The sky is clear as a late evening becomes an early morning. The moonlight reflects off the calm lake water, bathing the shoreline in a soft glow. As the hours tick by those gathered slowly trickle away, and a fire once well fed burns low. A deck made of plastic and steel pushes out into the water. Similar fixtures jut out from many of the houses that push up against the lake, allowing residents to swim or dock boats. Two of my friends stand on the nearest dock and listen to the fish jump. As others joke about how cold the water must be, I am captured by a thought. I slip quietly away. The chairs once warmed by the neighbors have long since grown cold. I press out onto the dock that stretches out here. I smirk silently as I strip down. It is better that my clothes remain dry. A ladder on my left has no doubt seen many swimmers climb its steps back onto the dock. The water line is perhaps a foot or more below the dock, but I estimate that still leaves me four feet of depth or so. Easy enough. I started swim team at an age when all the kids are still dog paddling, and it wasn't until quite a few years later that I moved on to other sports.

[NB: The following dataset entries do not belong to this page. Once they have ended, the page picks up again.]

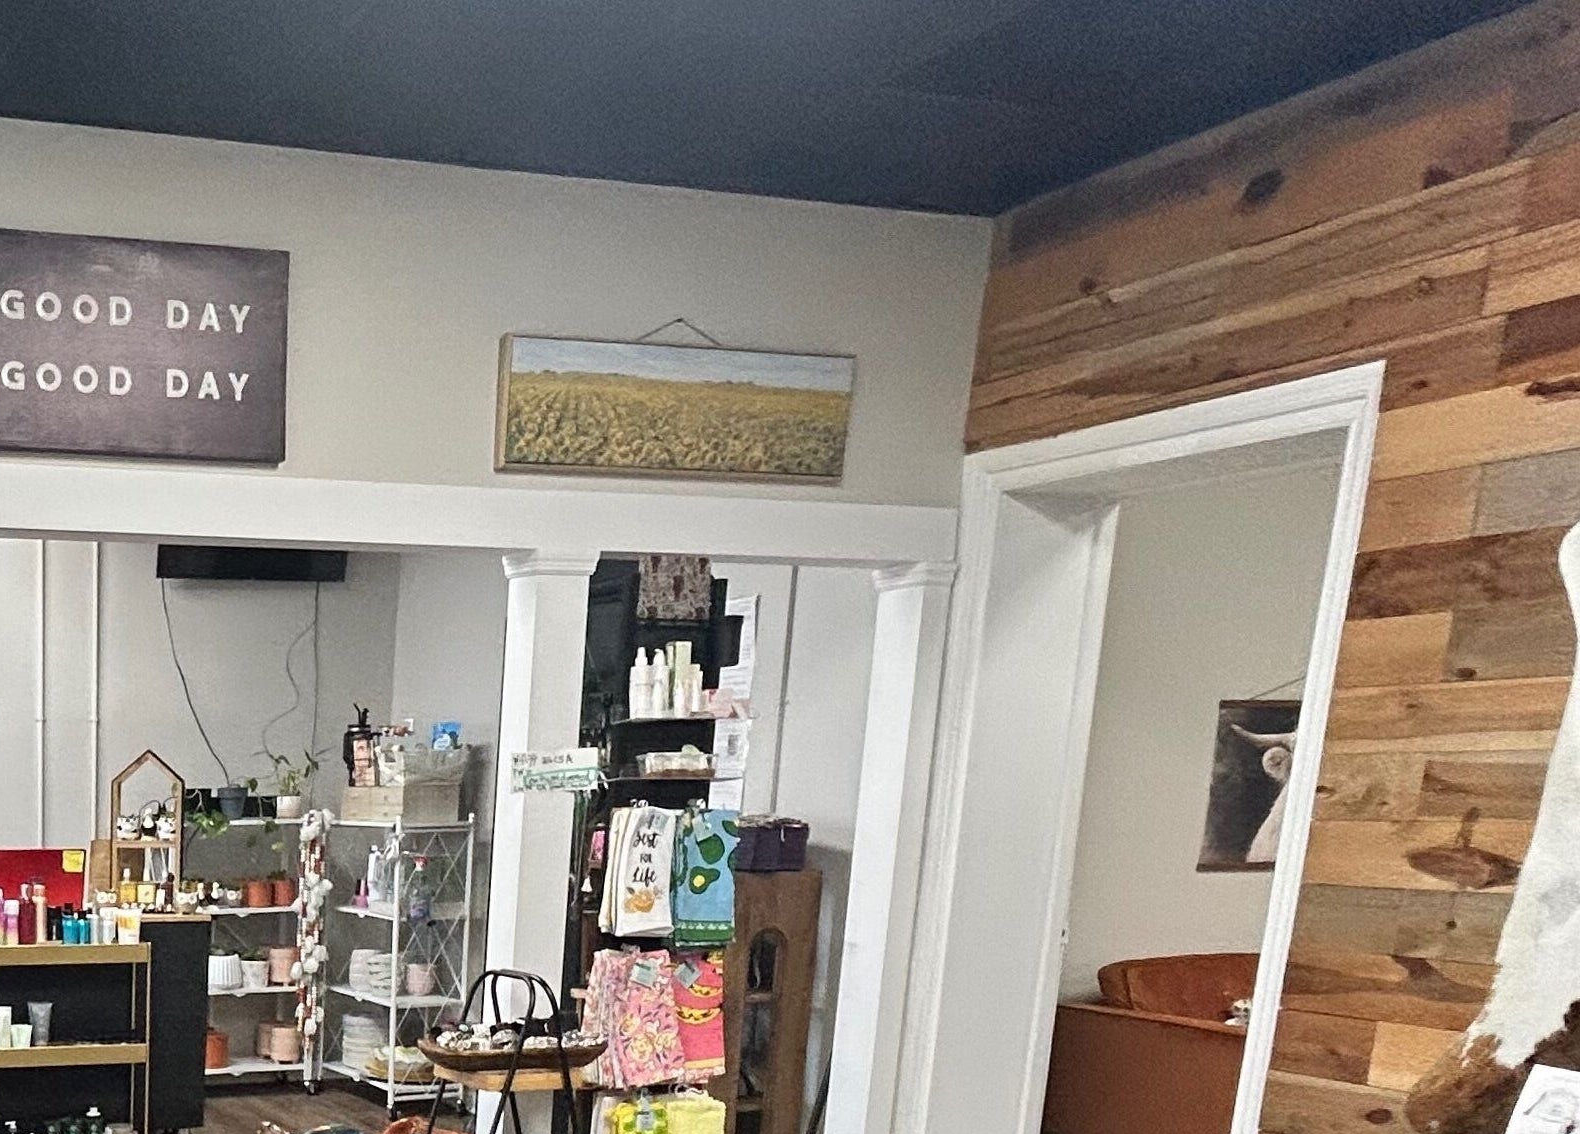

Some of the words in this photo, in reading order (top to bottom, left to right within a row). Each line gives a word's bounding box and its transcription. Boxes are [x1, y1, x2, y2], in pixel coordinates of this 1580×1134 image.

[0, 289, 132, 326] GOOD
[166, 300, 250, 333] DAY
[0, 361, 133, 395] GOOD
[166, 368, 249, 401] DAY
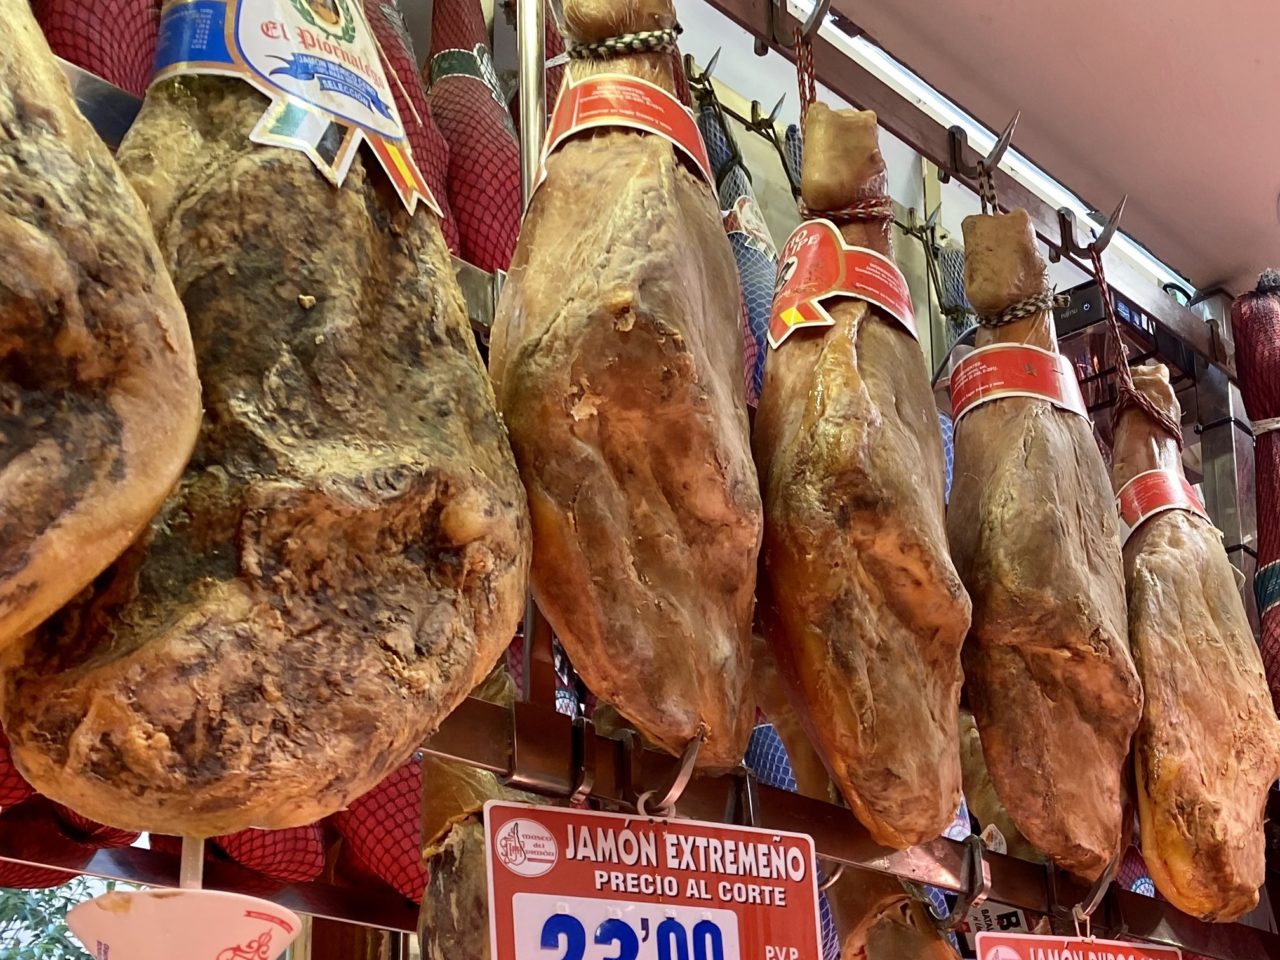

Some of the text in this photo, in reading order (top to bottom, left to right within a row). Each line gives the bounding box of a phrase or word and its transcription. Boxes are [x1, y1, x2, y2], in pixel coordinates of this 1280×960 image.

[260, 20, 290, 41] El
[565, 818, 806, 883] JAMÓN EXTREMEÑO
[594, 870, 786, 906] PRECIO AL CORTE

As I had so many times before, I dove with hands outstretched. As I broke the surface of the water, my past life was stripped away. I felt a sharp shock to my neck, followed by no pain at all. In times of extreme stress our brains are capable of astonishing things. Under the water, in a place where I should have seen nothing at all, I saw myself. In my vision I floated face down below the surface, pale skin illuminated by the moonlight, my hair floating freely. My mind churned... gotta swim up... my arms will not move, my legs will not move... this is it... I am going to die...

Two of the girls came over to investigate the splash, and found me floating face down. They told me to stop messing around. I could only slip farther away, disappearing below the water. The guys commented on how large a fish it must have taken to make such a big splash. This lasted until they were called over. When they pulled me out I had been underwater for two or three minutes. The police were close by and arrived quickly, and an ambulance soon followed. Eight hours of surgery later, and many more spent unconscious, I woke up in the intensive care unit.